We performed a Phenome-Wide Association Study (PheWAS) to identify interrelationships between the immune system genetic architecture and a wide array of phenotypes from two de-identified electronic ...health record (EHR) biorepositories. We selected variants within genes encoding critical factors in the immune system and variants with known associations with autoimmunity. To define case/control status for EHR diagnoses, we used International Classification of Diseases, Ninth Revision (ICD-9) diagnosis codes from 3,024 Geisinger Clinic MyCode® subjects (470 diagnoses) and 2,899 Vanderbilt University Medical Center BioVU biorepository subjects (380 diagnoses). A pooled-analysis was also carried out for the replicating results of the two data sets.

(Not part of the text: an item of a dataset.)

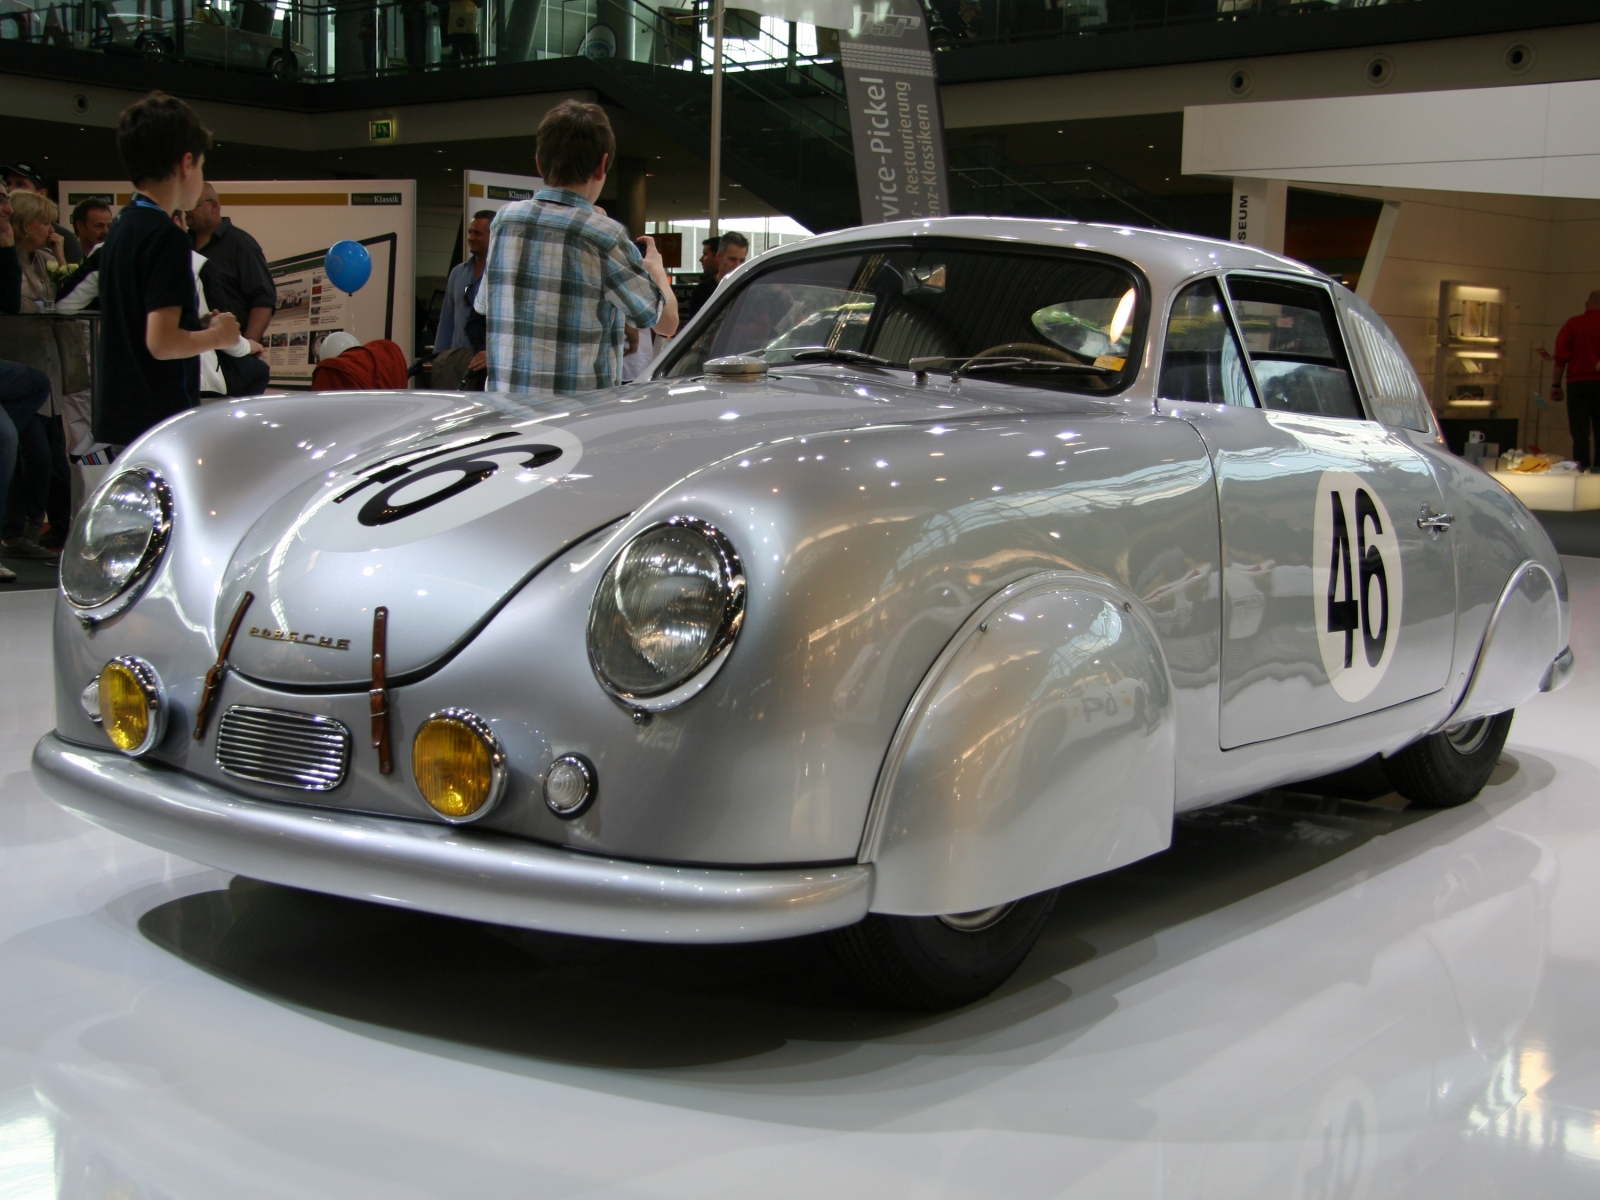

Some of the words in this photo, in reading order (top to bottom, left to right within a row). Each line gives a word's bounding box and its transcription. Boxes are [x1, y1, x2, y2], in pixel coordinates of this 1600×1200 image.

[895, 81, 920, 194] Restaurierung
[331, 431, 564, 527] 46
[1327, 487, 1389, 669] 46
[248, 626, 351, 651] PORSCHE
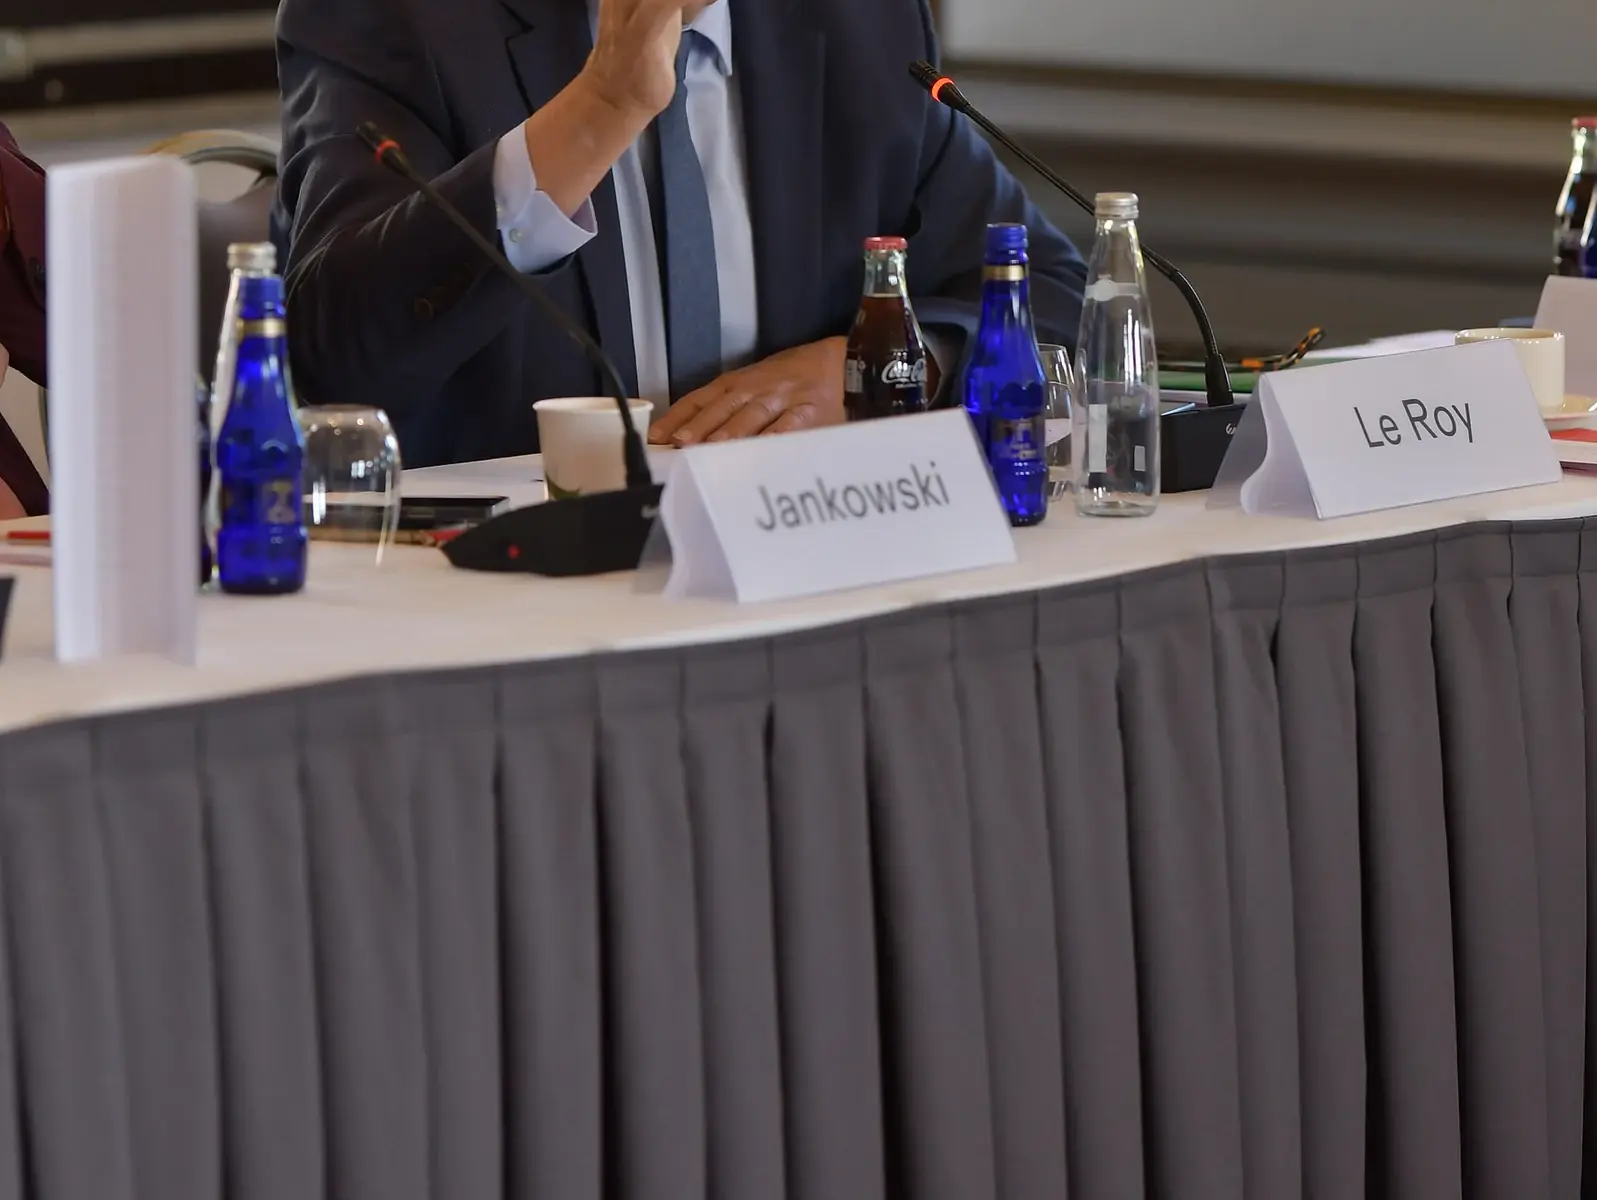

We identified new associations with potential biological relevance including SNPs in tumor necrosis factor (TNF) and ankyrin-related genes associated with acute and chronic sinusitis and acute respiratory tract infection. The two most significant associations identified were for the C6orf10 SNP rs6910071 and "rheumatoid arthritis" (ICD-9 code category 714) (pMETAL = 2.58 x 10-9) and the ATN1 SNP rs2239167 and "diabetes mellitus, type 2" (ICD-9 code category 250) (pMETAL = 6.39 x 10-9). This study highlights the utility of using PheWAS in conjunction with EHRs to discover new genotypic-phenotypic associations for immune-system related genetic loci.